Butyl Rubber - effective, low cost, easy to use:
Choose any three :-).
Butyl rubber sheet, as used for roof waterproofing and similar, is cheap compared to "proper" antistatic mats. The rubber contains carbon black which provides the conductivity.
Here they shipped large bales of it with a wrapper sheet on the outside which they sold off very cheaply. I bought several square meters of it and it has served very well.
Any sort of conductivity at all will work. 1 megohm per square is fine.
Care! - Very low resistance material is potentially (pun intended) dangerous as it can short to equipment under test or repair. Steven's metal sheet could be very exciting in some cases :-).

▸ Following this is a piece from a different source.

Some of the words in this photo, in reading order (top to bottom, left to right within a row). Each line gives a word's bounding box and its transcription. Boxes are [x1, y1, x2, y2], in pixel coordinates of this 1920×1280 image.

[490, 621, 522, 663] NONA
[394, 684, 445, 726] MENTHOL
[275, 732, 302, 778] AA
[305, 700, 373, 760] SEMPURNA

I understand that some linoleum flooring works OK. As acceptable resistance can be so high as to be hard to measure, testing with a very simple electrostatic generator would work - as simple as some materials which allow static charge to be produced when rubbed together. If it will discharge electrostatically charged items almost instantly it should be acceptable.
Actually, connecting to the case is probably better unless you also connect the case to earth ground. The easiest way to ground the case is to plug it in, but you don't want to do that until you're ready to power on.

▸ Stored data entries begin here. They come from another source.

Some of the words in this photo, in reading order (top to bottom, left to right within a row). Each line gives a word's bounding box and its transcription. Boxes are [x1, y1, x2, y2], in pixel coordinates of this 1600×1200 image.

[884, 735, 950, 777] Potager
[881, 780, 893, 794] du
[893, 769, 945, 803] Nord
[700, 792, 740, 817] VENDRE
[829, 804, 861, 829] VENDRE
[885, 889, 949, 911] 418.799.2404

What you're trying to prevent is Electrostatic Discharge (ESD), also known as a static spark, from you to the part(s) that you're working with. Nothing in that equation involves earth ground except that other things that you're likely to touch might be grounded.
So when you're working on stuff, you don't really need to be earth grounded any more than when you're not working on stuff. You just need to be connected to the stuff that you're working on.
An ESD mat will be conductive enough that you can just set the case on it, put the strap on, and be sufficiently connected to the case. Then handle all the other parts by whatever it is that will eventually touch the case anyway, and you'll be fine. No need for earth ground in most cases, though it usually doesn't hurt either.
As a side note, I've built several PC's on carpet without any grounding at all just by handling parts as described above and by casually touching the case a lot. Never had any problems. But I'm also naturally paranoid enough in general to remember to do that.
Best Answer
Yes, the alligator clip should be earthed. As should the work surface beneath the work piece.
It's meant to protect the electronics, not the worker.
The wrist strap does nothing to protect from line hazard, for the user or the work piece.
There should be a 1 megohm resistor between the wrist strap and the connecting wire, so as not to increase the risk to the user if they contact a powered part of the work piece.